# Supplied information:
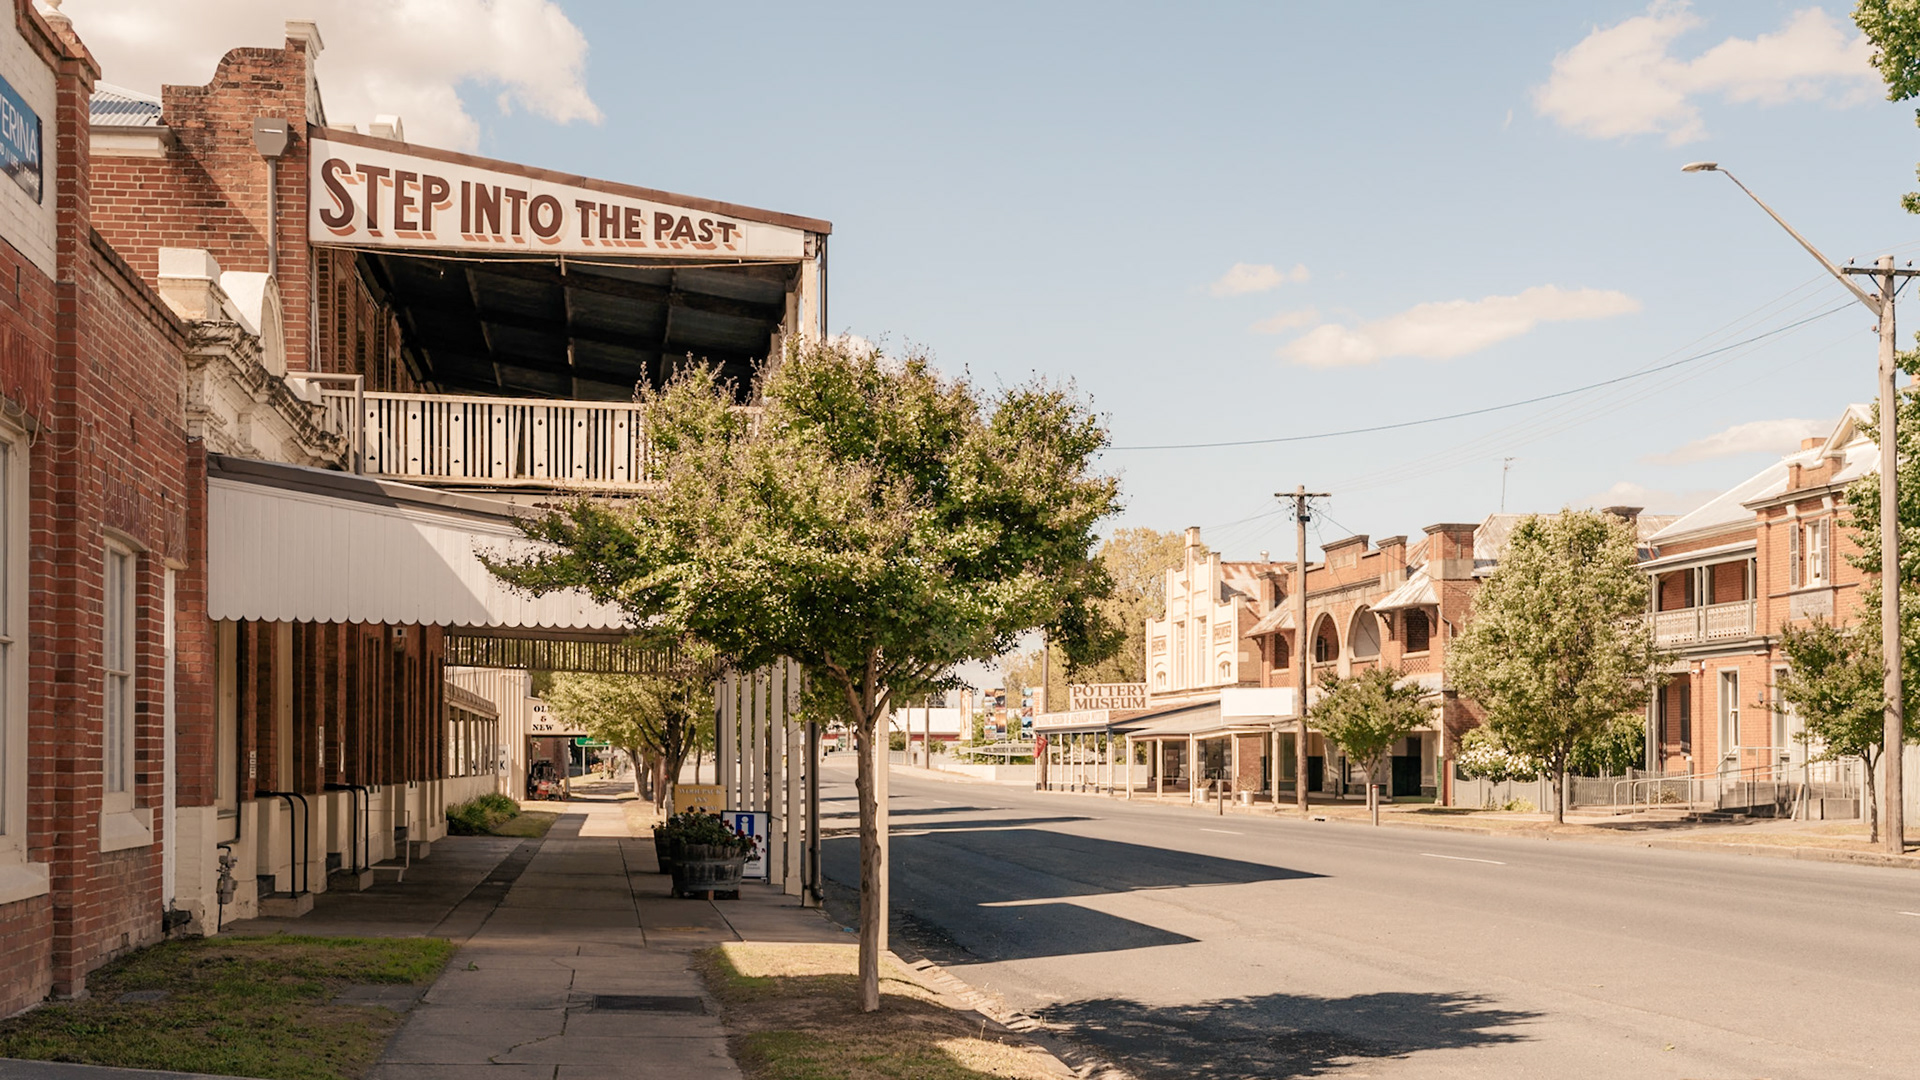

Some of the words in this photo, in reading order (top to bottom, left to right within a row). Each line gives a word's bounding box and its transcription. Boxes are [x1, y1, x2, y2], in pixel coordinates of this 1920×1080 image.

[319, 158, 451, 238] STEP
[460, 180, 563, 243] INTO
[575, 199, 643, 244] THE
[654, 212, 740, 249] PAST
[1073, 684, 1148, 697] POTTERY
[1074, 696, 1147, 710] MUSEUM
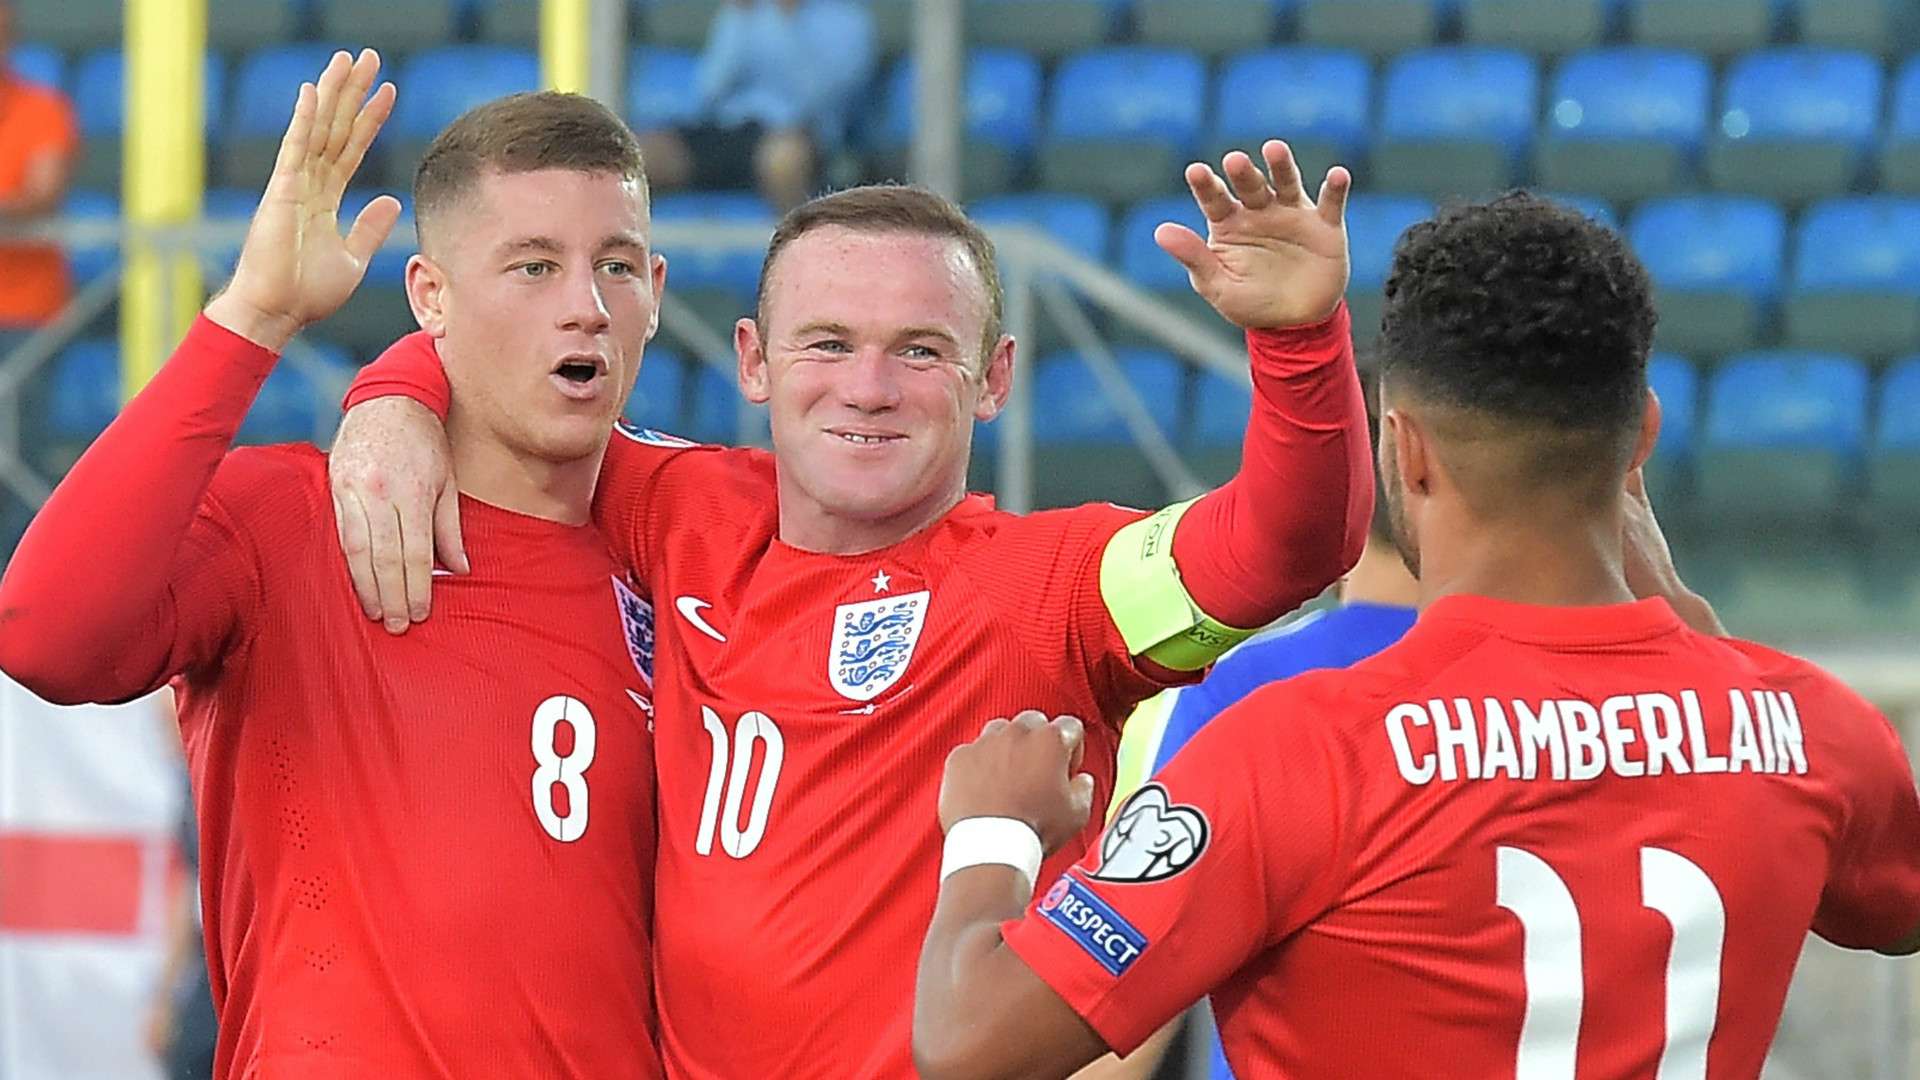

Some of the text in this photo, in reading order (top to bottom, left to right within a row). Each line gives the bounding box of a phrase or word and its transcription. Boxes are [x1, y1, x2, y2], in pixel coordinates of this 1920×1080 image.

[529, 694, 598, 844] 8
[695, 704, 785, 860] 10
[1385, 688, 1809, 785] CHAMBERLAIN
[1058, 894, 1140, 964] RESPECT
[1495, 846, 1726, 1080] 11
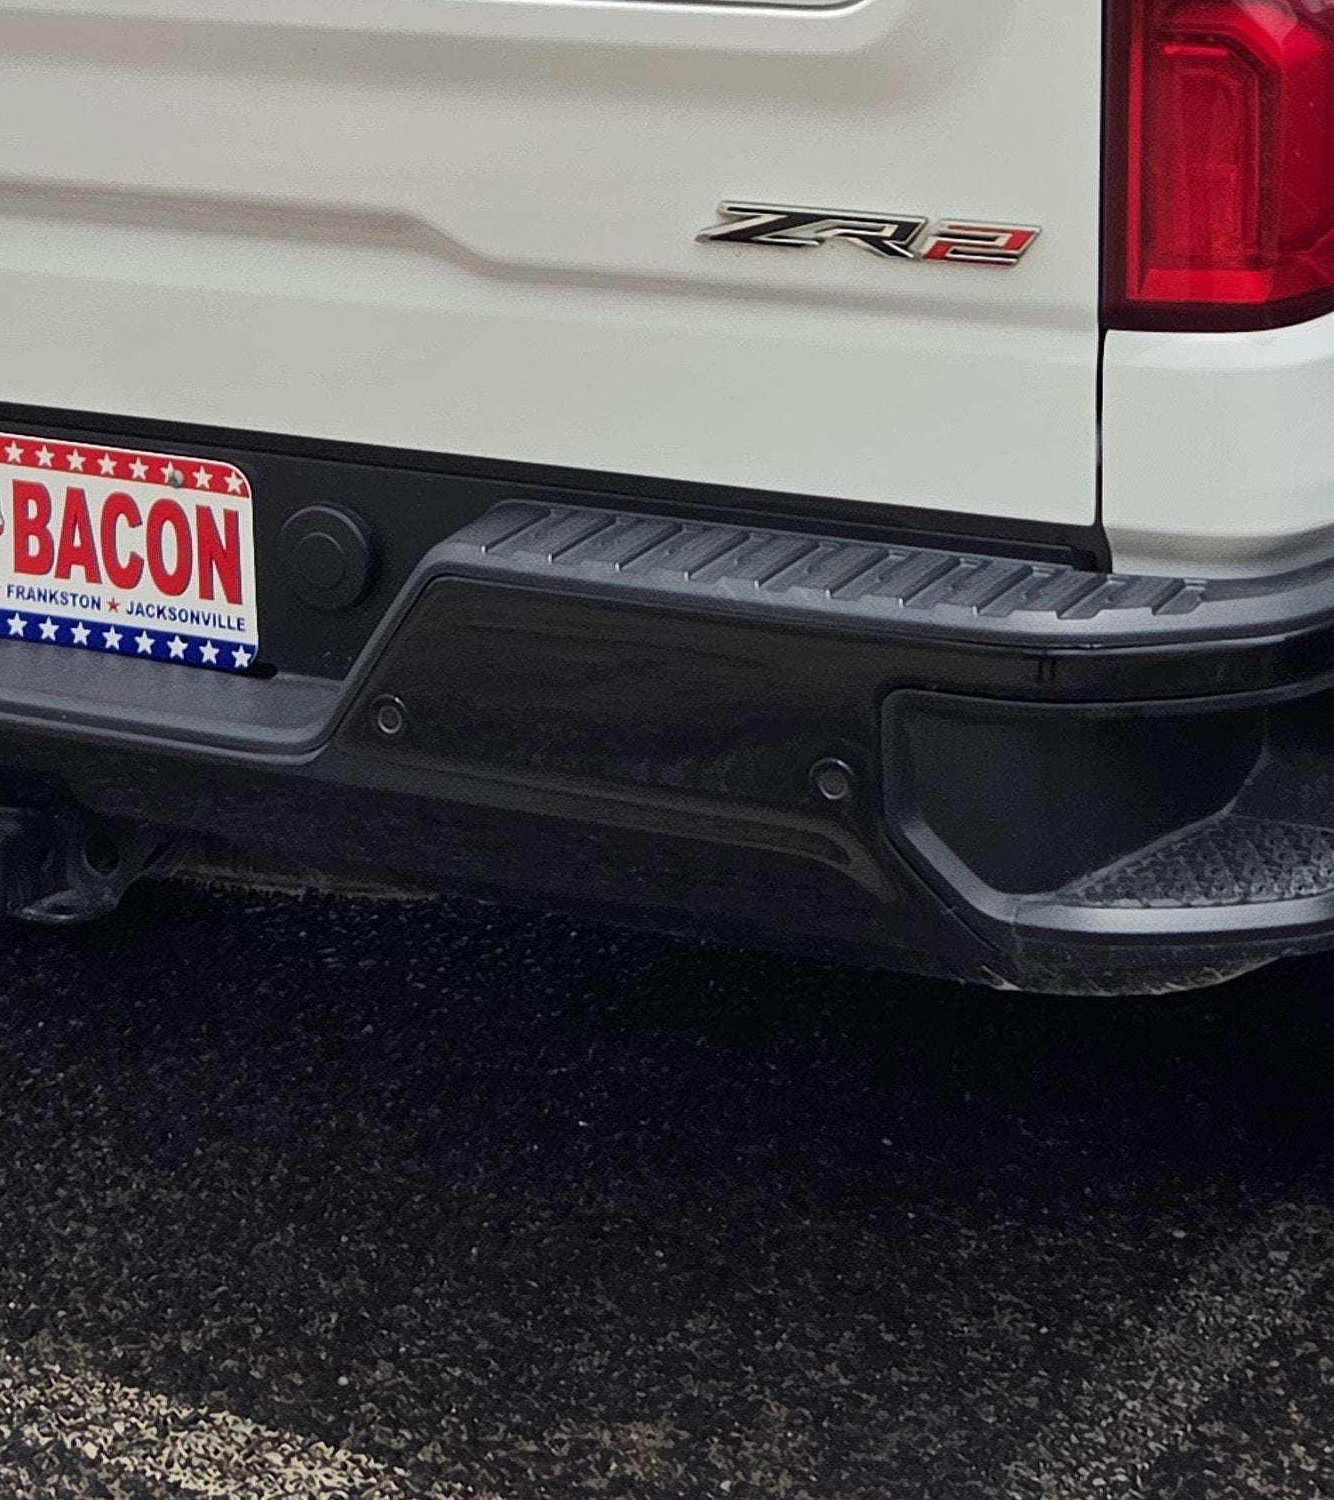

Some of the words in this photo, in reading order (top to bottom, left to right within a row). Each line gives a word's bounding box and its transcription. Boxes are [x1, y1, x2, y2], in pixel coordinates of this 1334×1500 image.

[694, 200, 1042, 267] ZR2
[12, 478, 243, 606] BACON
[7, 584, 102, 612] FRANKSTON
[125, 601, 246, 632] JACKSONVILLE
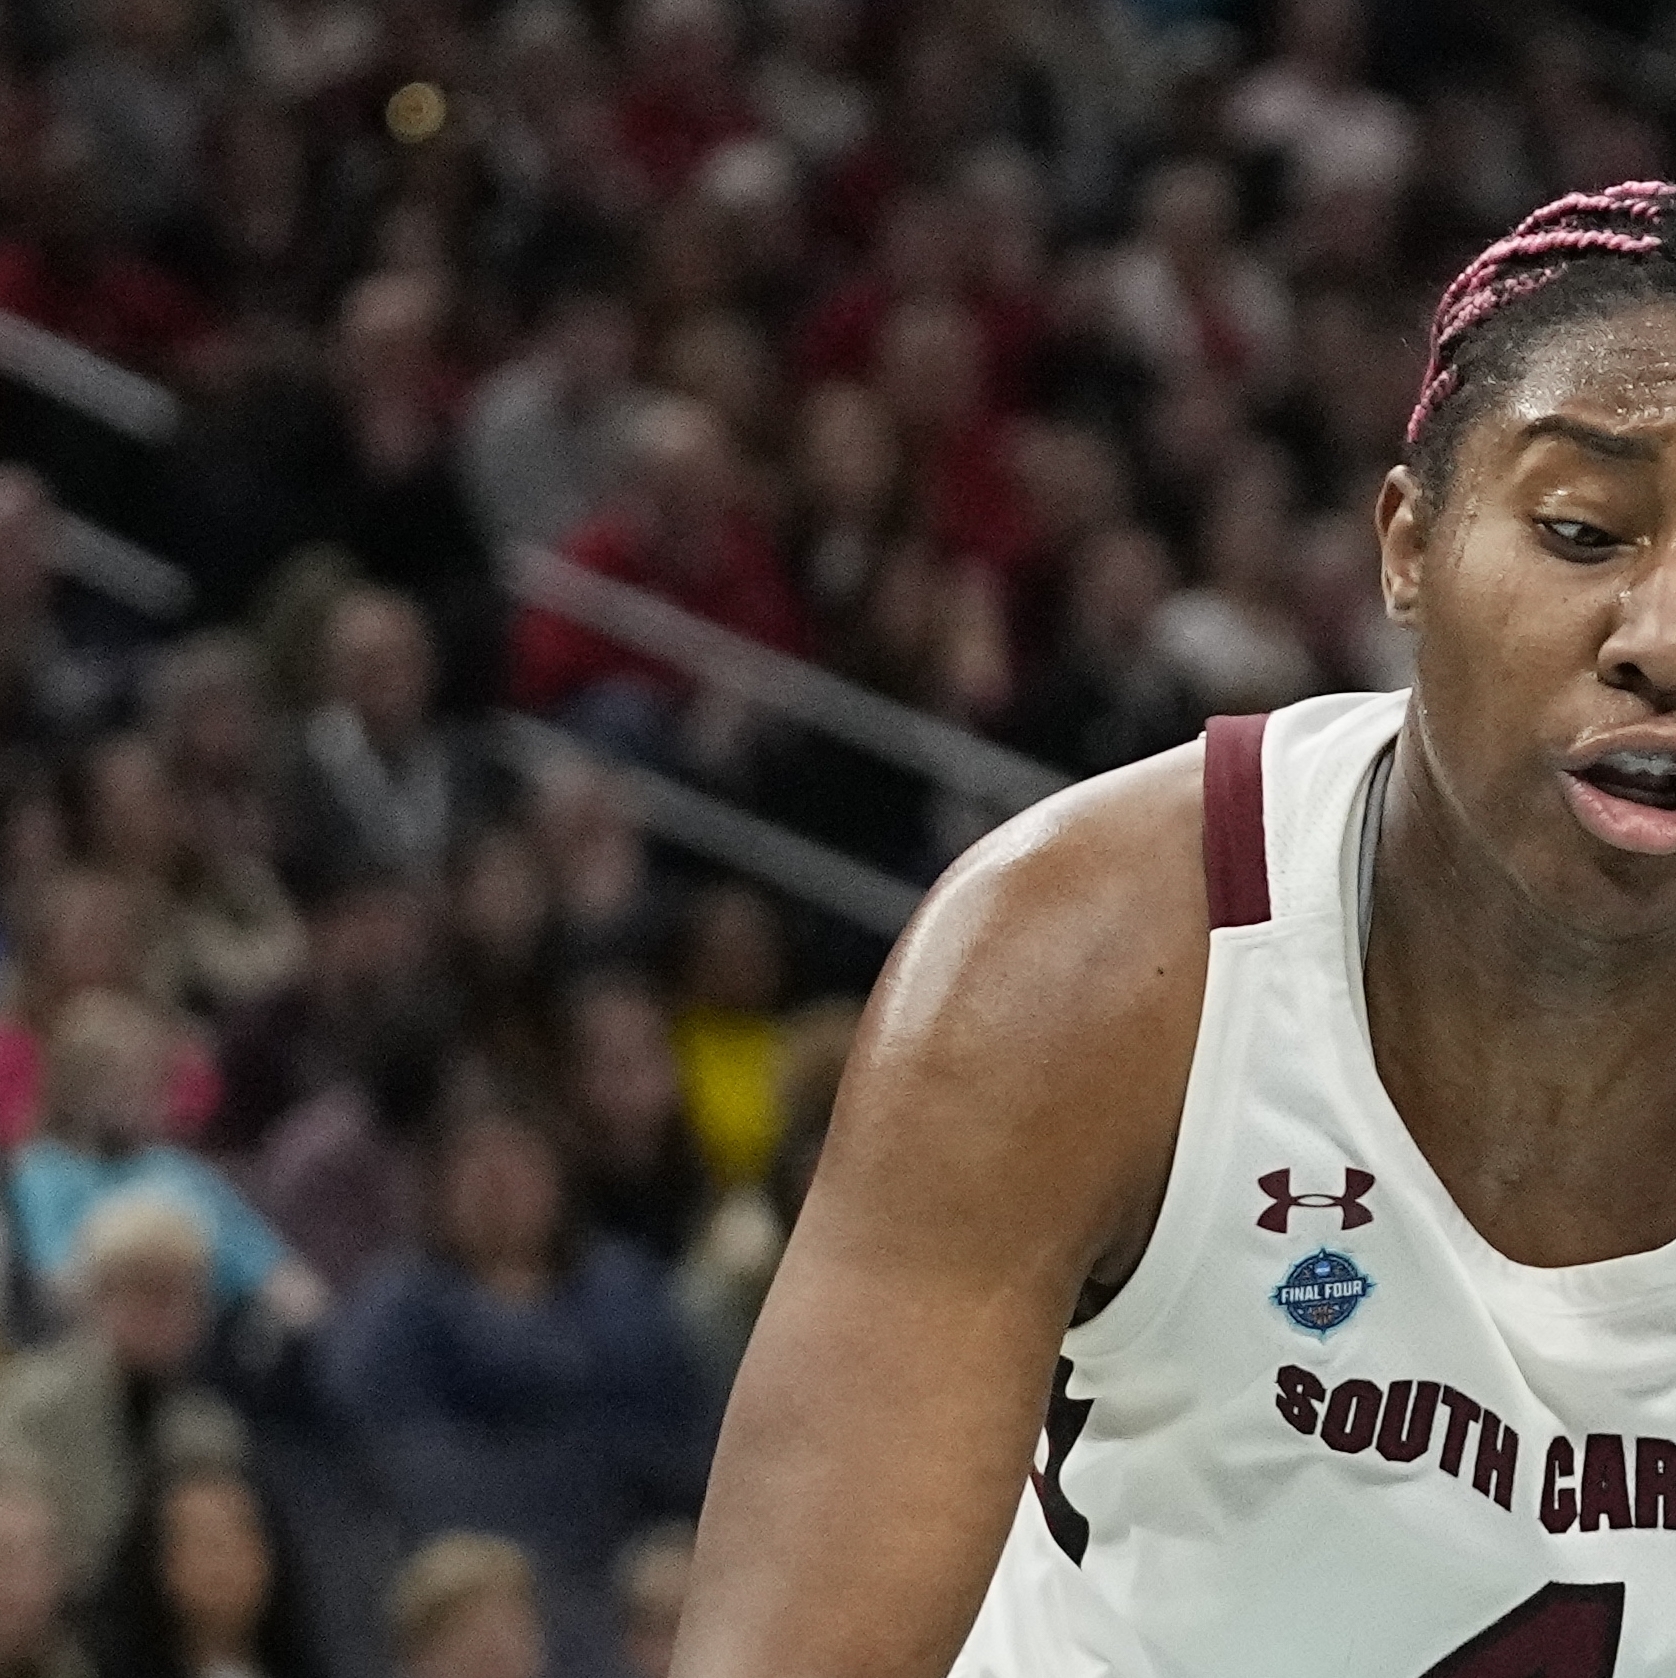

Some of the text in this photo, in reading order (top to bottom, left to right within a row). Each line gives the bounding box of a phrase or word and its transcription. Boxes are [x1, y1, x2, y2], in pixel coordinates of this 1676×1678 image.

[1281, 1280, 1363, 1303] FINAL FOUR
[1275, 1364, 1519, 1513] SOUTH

# Instructions for the task:
Beginning with the line containing "this 1334×1500 image." and ending with the last line of the listing above, output those lines exactly as written, without pictures.

# Answer to this exercise:
Some of the words in this photo, in reading order (top to bottom, left to right within a row). Each line gives a word's bounding box and its transcription. Boxes are [x1, y1, x2, y2], in pixel coordinates of this 1334×1500 image.

[694, 200, 1042, 267] ZR2
[12, 478, 243, 606] BACON
[7, 584, 102, 612] FRANKSTON
[125, 601, 246, 632] JACKSONVILLE

Some of the text in this photo, in reading order (top to bottom, left to right within a row). Each line gives the bounding box of a phrase or word and its transcription. Boxes are [x1, y1, x2, y2], in pixel coordinates of this 1676×1678 image.

[1281, 1280, 1363, 1303] FINAL FOUR
[1275, 1364, 1519, 1513] SOUTH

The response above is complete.